→ **Assignment**: Could you transcribe exactly the lines from the one containing "this 1920×1081 image." through the last line of the records below, leaving out the pictures?

→ **Input for this task**:
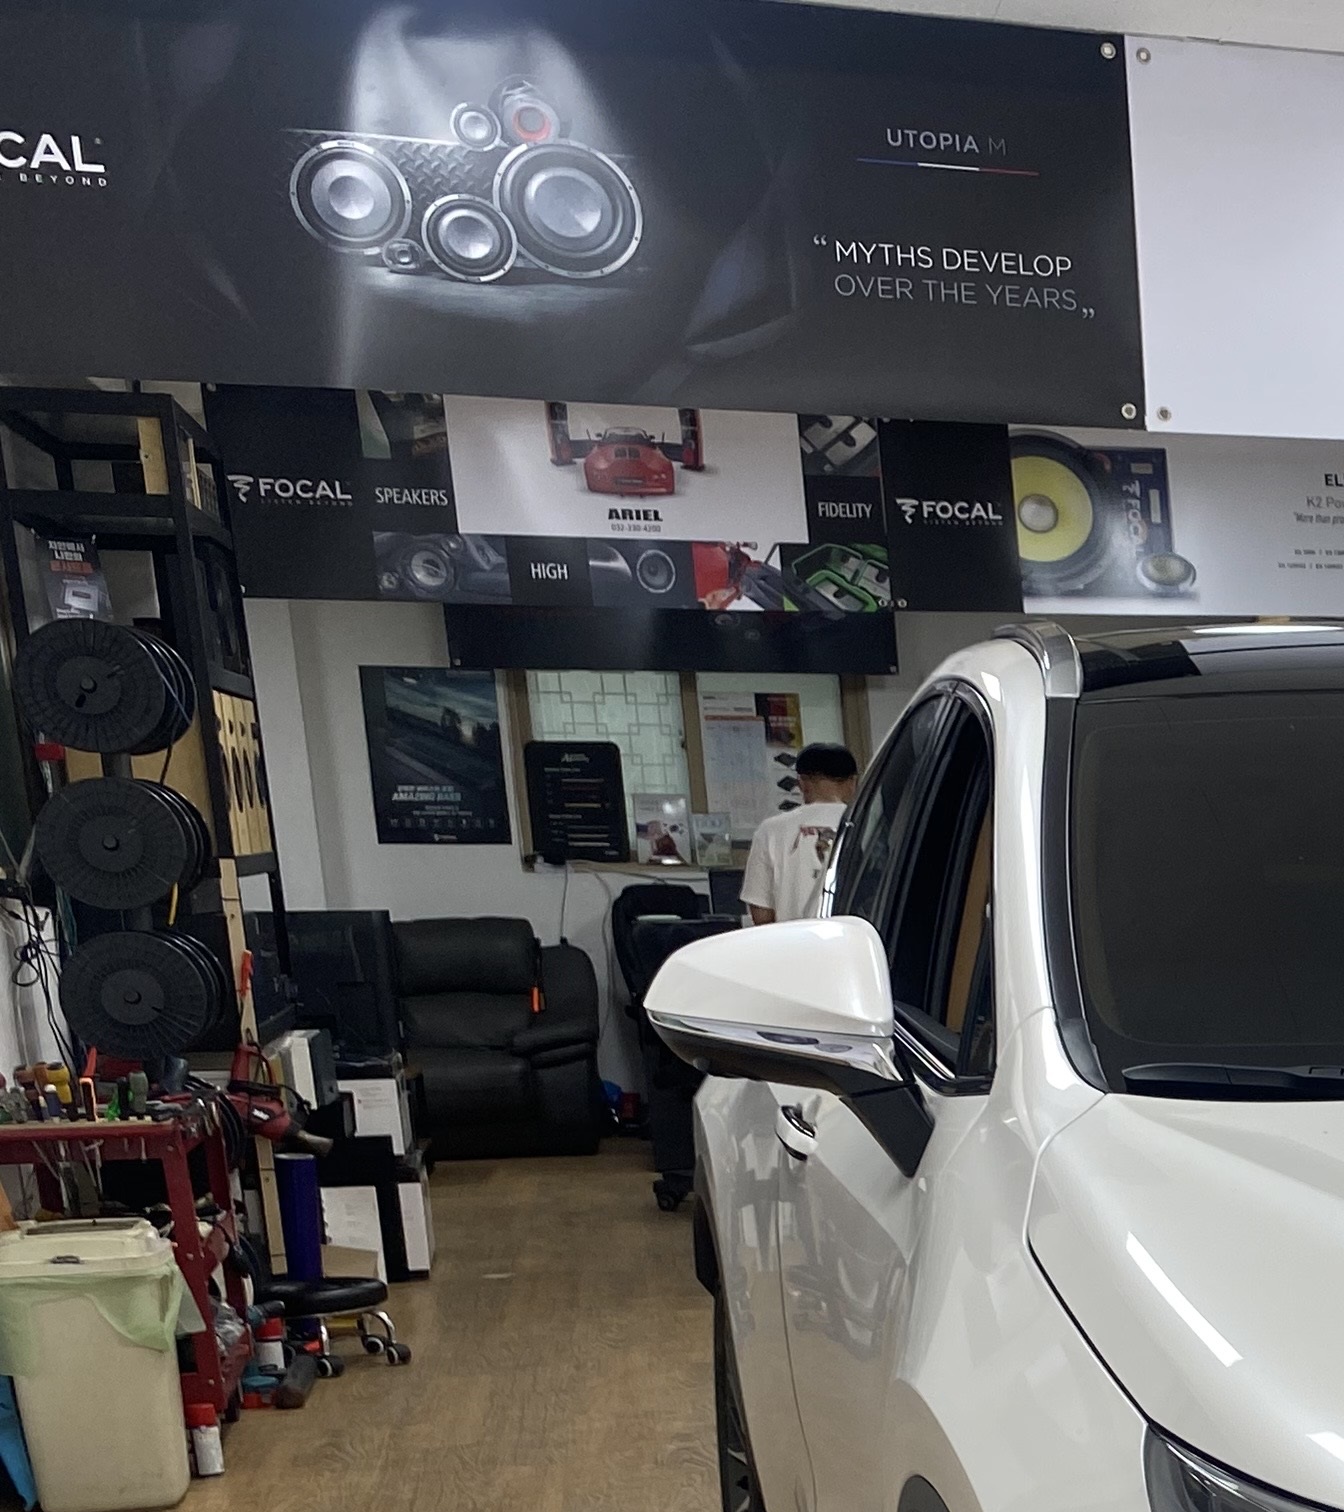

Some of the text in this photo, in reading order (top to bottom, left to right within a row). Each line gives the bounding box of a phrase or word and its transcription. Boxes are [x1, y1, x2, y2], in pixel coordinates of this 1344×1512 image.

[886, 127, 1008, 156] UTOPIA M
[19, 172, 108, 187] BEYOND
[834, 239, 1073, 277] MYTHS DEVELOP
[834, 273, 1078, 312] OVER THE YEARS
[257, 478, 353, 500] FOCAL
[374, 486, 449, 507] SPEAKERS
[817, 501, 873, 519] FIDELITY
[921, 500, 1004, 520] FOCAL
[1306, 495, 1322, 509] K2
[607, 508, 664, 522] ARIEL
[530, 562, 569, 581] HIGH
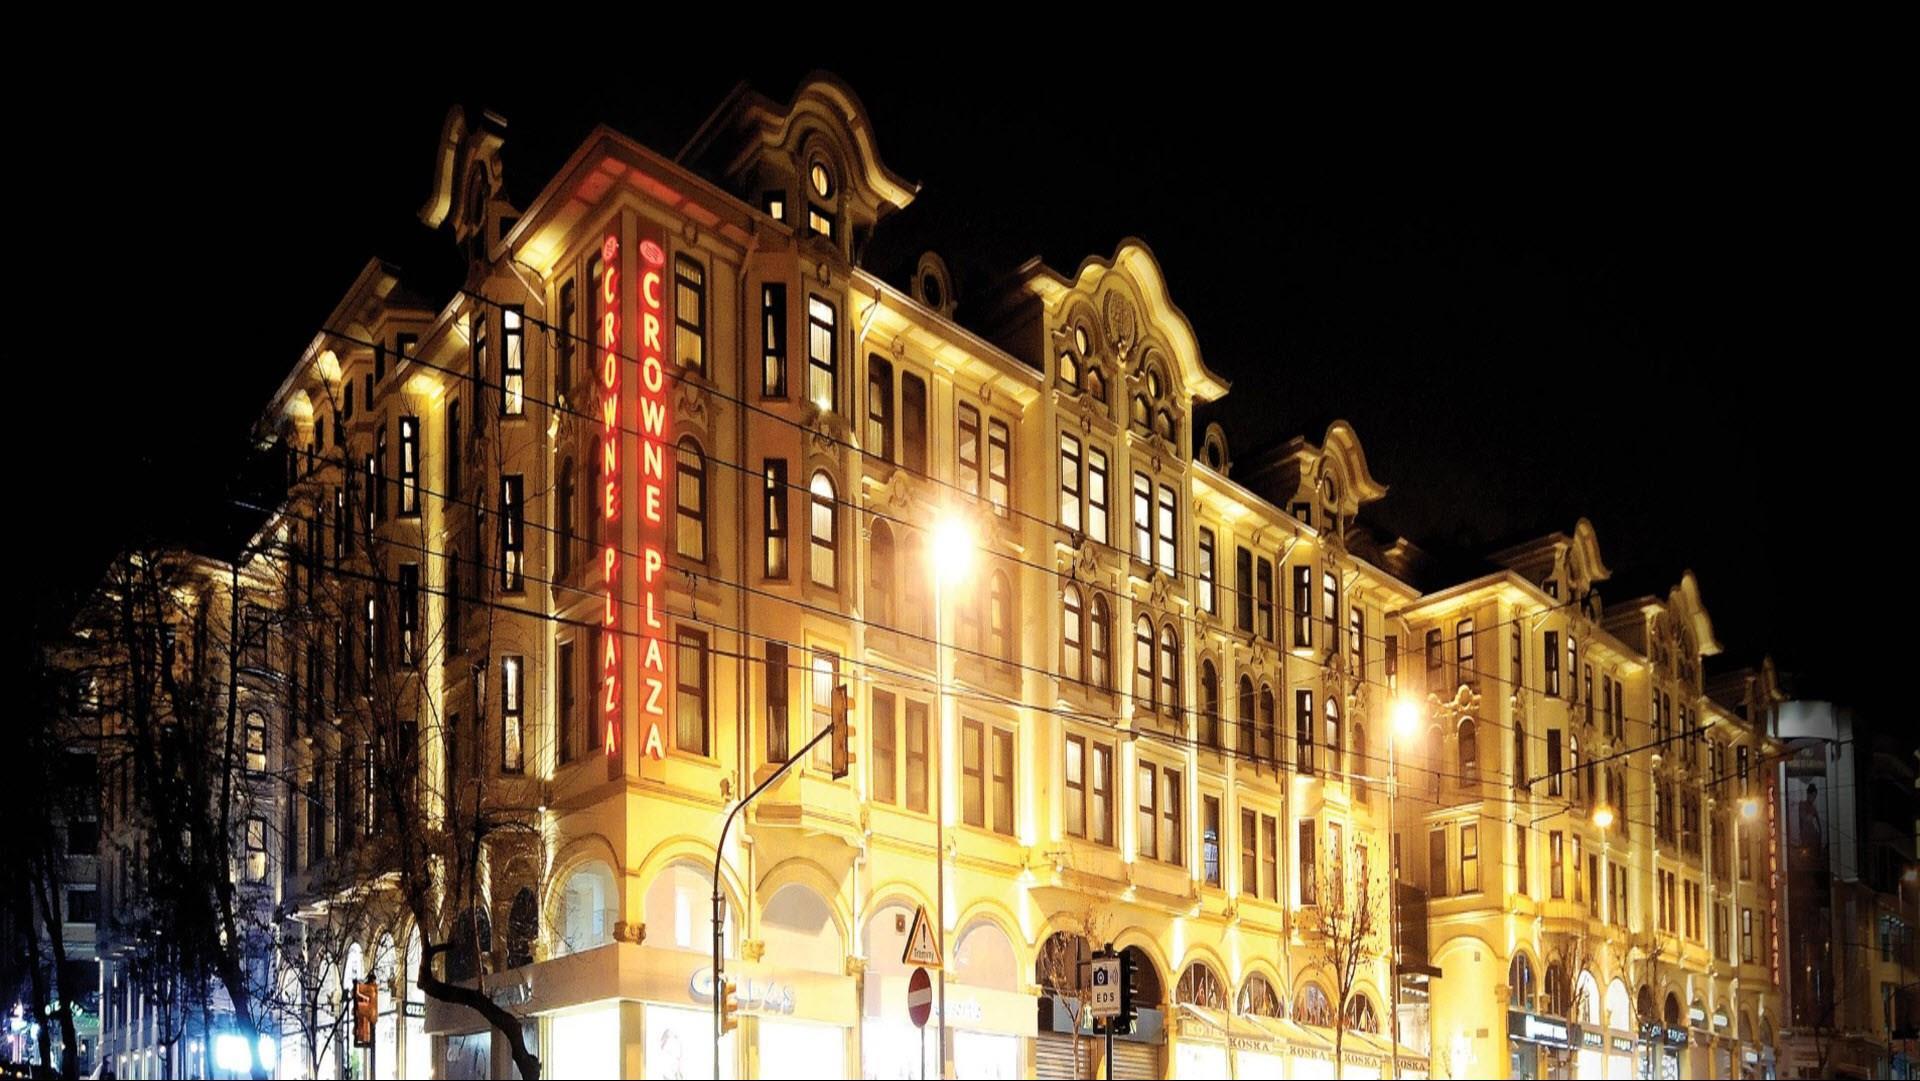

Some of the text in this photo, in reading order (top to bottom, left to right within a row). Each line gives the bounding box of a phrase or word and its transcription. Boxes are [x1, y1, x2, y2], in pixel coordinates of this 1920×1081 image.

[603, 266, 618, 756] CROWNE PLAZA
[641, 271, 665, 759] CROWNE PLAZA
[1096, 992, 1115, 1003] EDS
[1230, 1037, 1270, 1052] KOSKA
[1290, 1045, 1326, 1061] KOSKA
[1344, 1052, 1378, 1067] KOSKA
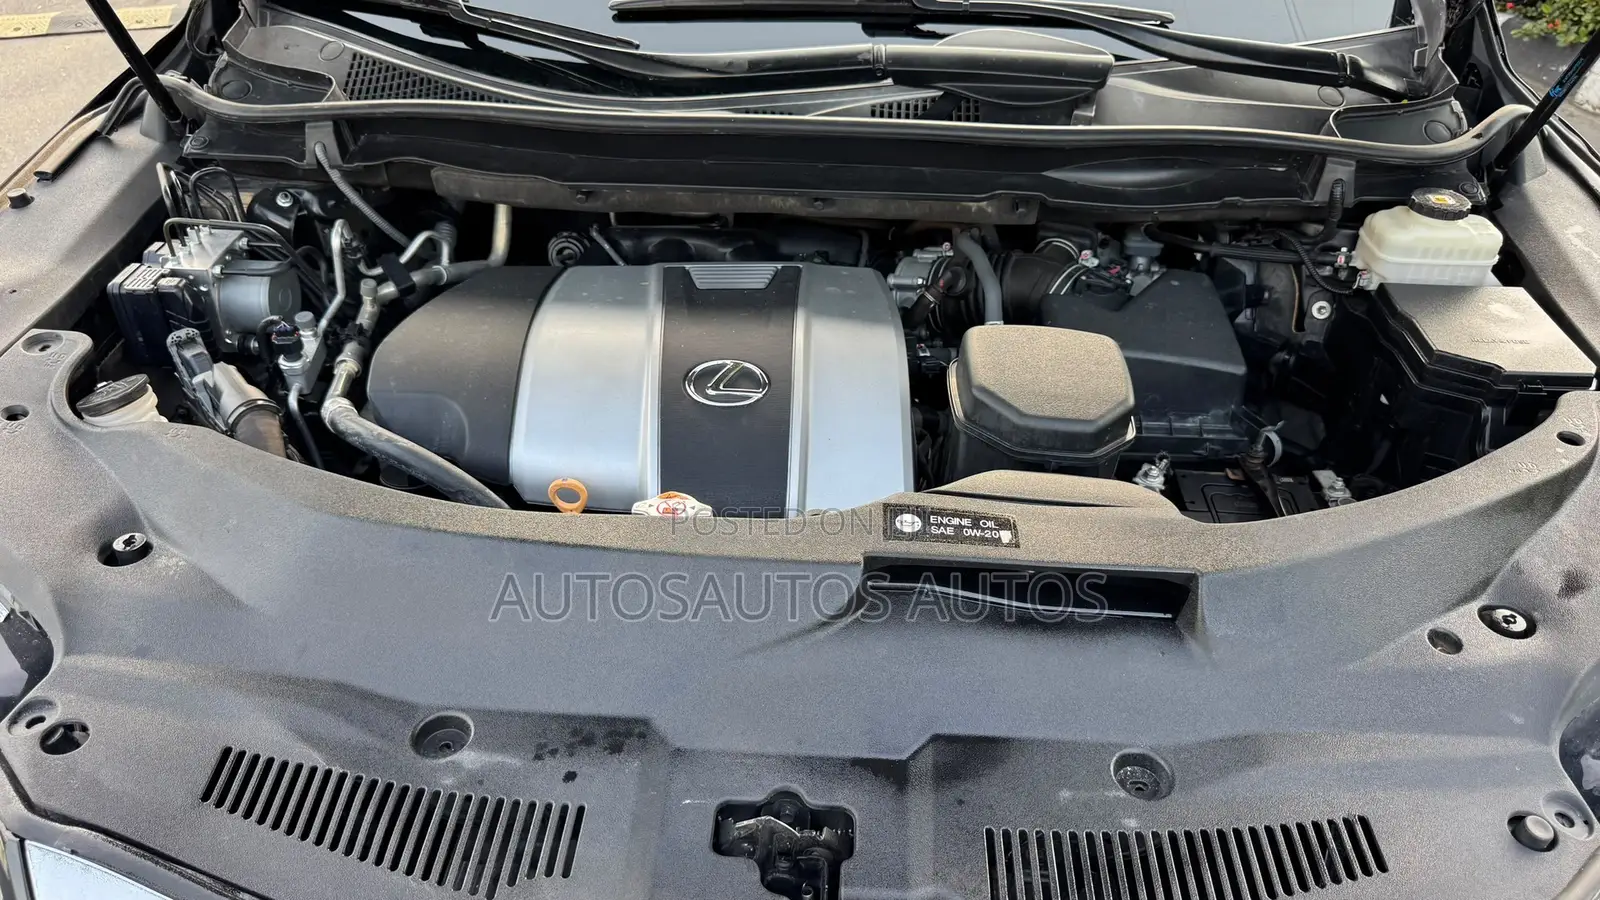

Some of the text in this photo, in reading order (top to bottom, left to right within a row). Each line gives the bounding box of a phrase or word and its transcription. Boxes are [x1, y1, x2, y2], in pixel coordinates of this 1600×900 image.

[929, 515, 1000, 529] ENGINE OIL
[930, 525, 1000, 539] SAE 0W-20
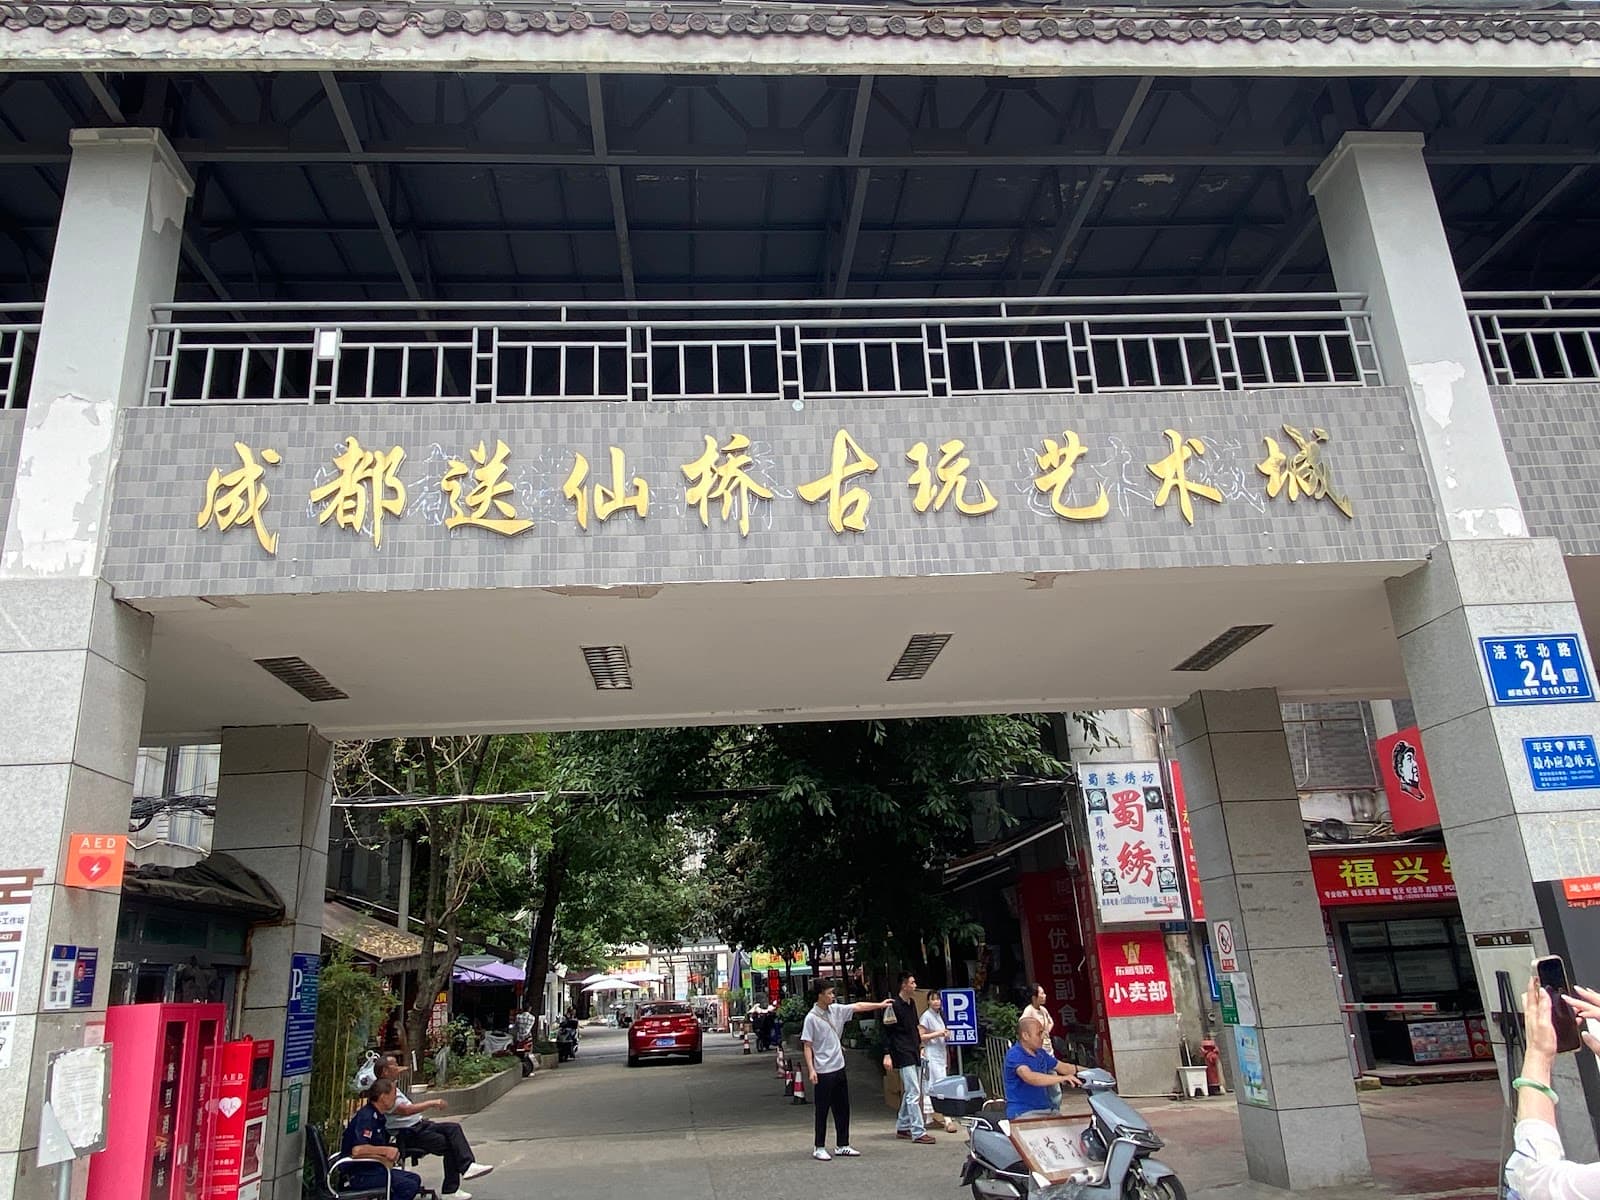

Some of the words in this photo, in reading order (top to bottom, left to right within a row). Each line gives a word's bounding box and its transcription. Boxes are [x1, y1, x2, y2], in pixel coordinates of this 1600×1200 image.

→ **Your solution**:
Some of the text in this photo, in reading order (top to bottom, left to right within a row). Each line gives the bounding box of a phrase or word and its transcription. Boxes are [x1, y1, x2, y2], in pixel coordinates of this 1920×1081 image.

[603, 266, 618, 756] CROWNE PLAZA
[641, 271, 665, 759] CROWNE PLAZA
[1096, 992, 1115, 1003] EDS
[1230, 1037, 1270, 1052] KOSKA
[1290, 1045, 1326, 1061] KOSKA
[1344, 1052, 1378, 1067] KOSKA

Some of the text in this photo, in reading order (top to bottom, left to right within a row). Each line gives the bounding box of a phrase or word and its transcription. Boxes are [x1, y1, x2, y2], in pixel coordinates of this 1600×900 image.

[929, 515, 1000, 529] ENGINE OIL
[930, 525, 1000, 539] SAE 0W-20

Some of the words in this photo, in reading order (top to bottom, left to right within a row). Each line gives a word's bounding box and its transcription. Boxes are [x1, y1, x2, y2], in pixel coordinates of this 1600×1200 image.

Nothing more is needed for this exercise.